Please give the whole listing again exactly, without any of its pictures.

- Opening Delimiter -

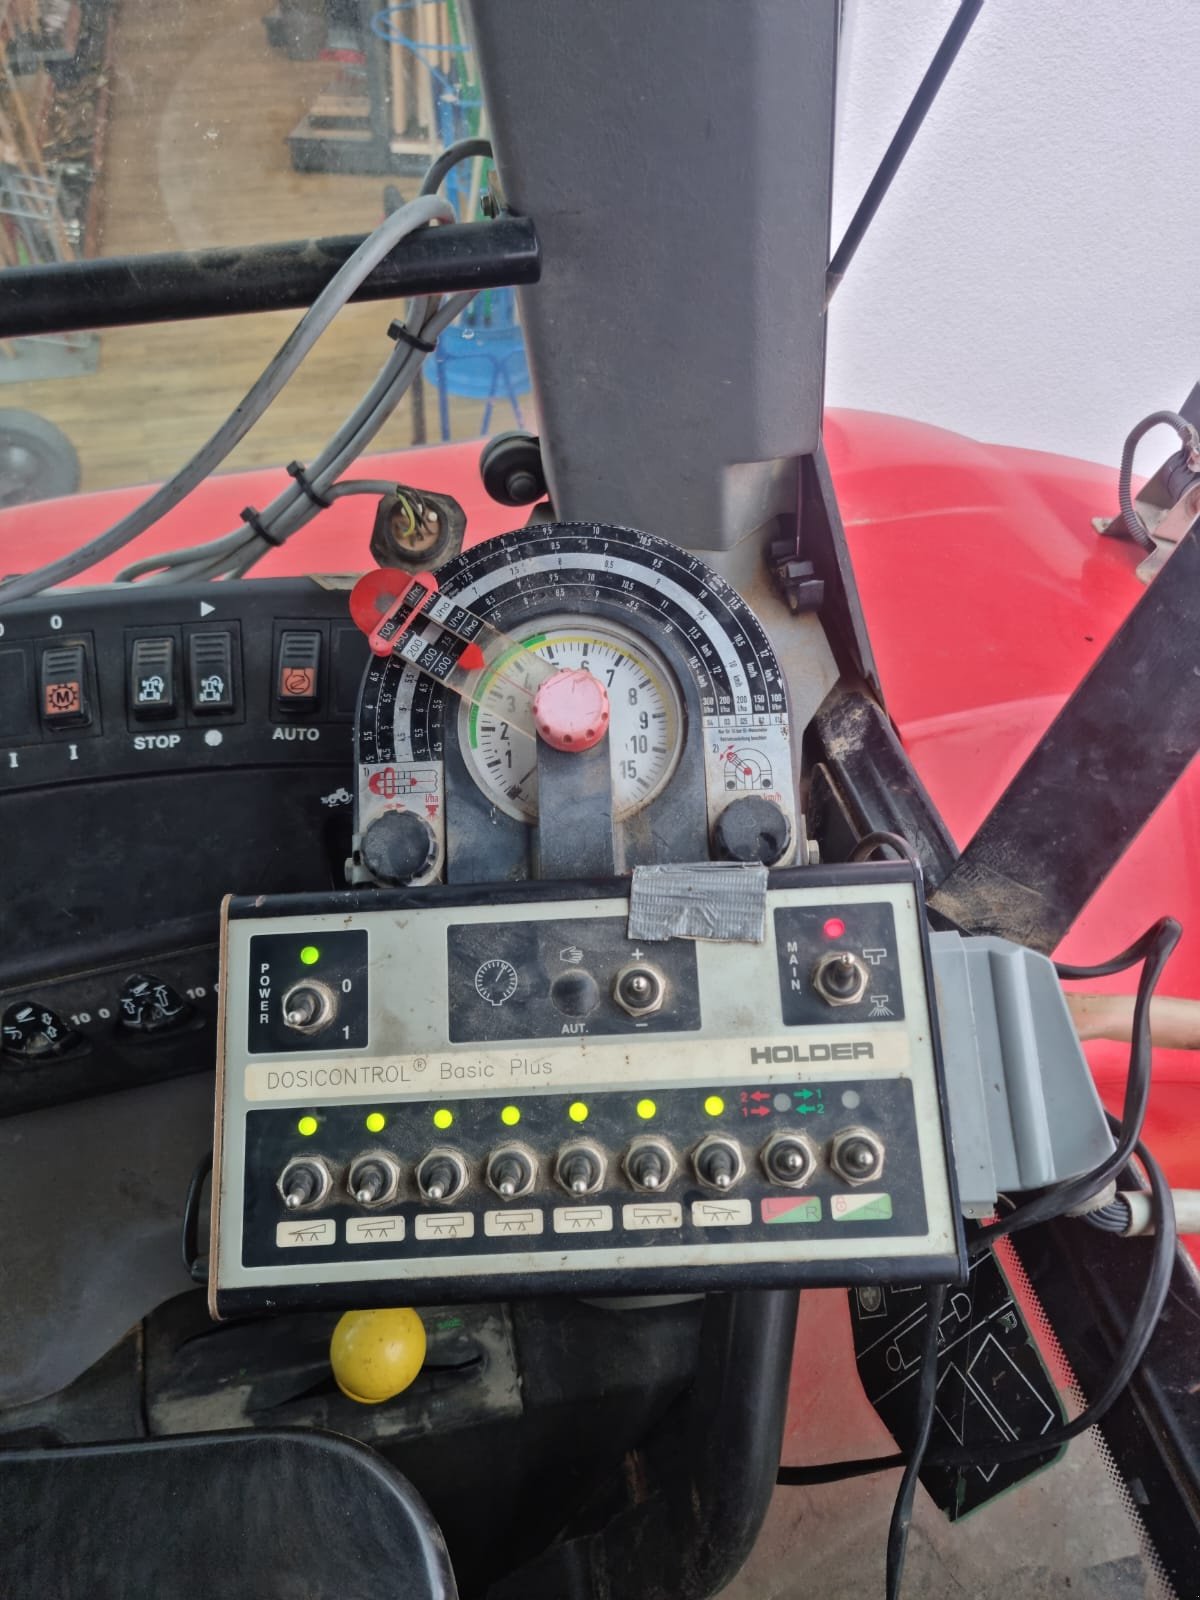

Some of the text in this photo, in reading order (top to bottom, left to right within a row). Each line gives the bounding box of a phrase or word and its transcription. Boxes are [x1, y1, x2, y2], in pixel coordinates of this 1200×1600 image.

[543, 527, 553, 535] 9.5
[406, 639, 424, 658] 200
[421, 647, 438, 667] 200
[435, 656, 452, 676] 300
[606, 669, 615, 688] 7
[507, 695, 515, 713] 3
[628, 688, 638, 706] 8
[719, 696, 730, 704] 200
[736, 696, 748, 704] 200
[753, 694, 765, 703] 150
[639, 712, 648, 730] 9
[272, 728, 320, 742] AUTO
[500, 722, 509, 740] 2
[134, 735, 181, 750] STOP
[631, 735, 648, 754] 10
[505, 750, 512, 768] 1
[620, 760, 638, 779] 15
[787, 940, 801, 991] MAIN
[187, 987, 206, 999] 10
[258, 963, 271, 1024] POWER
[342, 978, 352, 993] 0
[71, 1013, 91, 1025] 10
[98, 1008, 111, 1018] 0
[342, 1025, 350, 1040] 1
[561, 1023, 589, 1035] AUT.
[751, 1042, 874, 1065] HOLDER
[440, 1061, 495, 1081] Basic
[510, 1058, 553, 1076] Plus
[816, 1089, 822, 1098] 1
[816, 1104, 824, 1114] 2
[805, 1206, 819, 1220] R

- Closing Delimiter -

Solution to the problem
Some of the text in this photo, in reading order (top to bottom, left to right within a row). Each line gives the bounding box of a phrase or word and its transcription. Boxes are [x1, y1, x2, y2], in pixel coordinates of this 1200×1600 image.

[543, 527, 553, 535] 9.5
[406, 639, 424, 658] 200
[421, 647, 438, 667] 200
[435, 656, 452, 676] 300
[606, 669, 615, 688] 7
[507, 695, 515, 713] 3
[628, 688, 638, 706] 8
[719, 696, 730, 704] 200
[736, 696, 748, 704] 200
[753, 694, 765, 703] 150
[639, 712, 648, 730] 9
[272, 728, 320, 742] AUTO
[500, 722, 509, 740] 2
[134, 735, 181, 750] STOP
[631, 735, 648, 754] 10
[505, 750, 512, 768] 1
[620, 760, 638, 779] 15
[787, 940, 801, 991] MAIN
[187, 987, 206, 999] 10
[258, 963, 271, 1024] POWER
[342, 978, 352, 993] 0
[71, 1013, 91, 1025] 10
[98, 1008, 111, 1018] 0
[342, 1025, 350, 1040] 1
[561, 1023, 589, 1035] AUT.
[751, 1042, 874, 1065] HOLDER
[440, 1061, 495, 1081] Basic
[510, 1058, 553, 1076] Plus
[816, 1089, 822, 1098] 1
[816, 1104, 824, 1114] 2
[805, 1206, 819, 1220] R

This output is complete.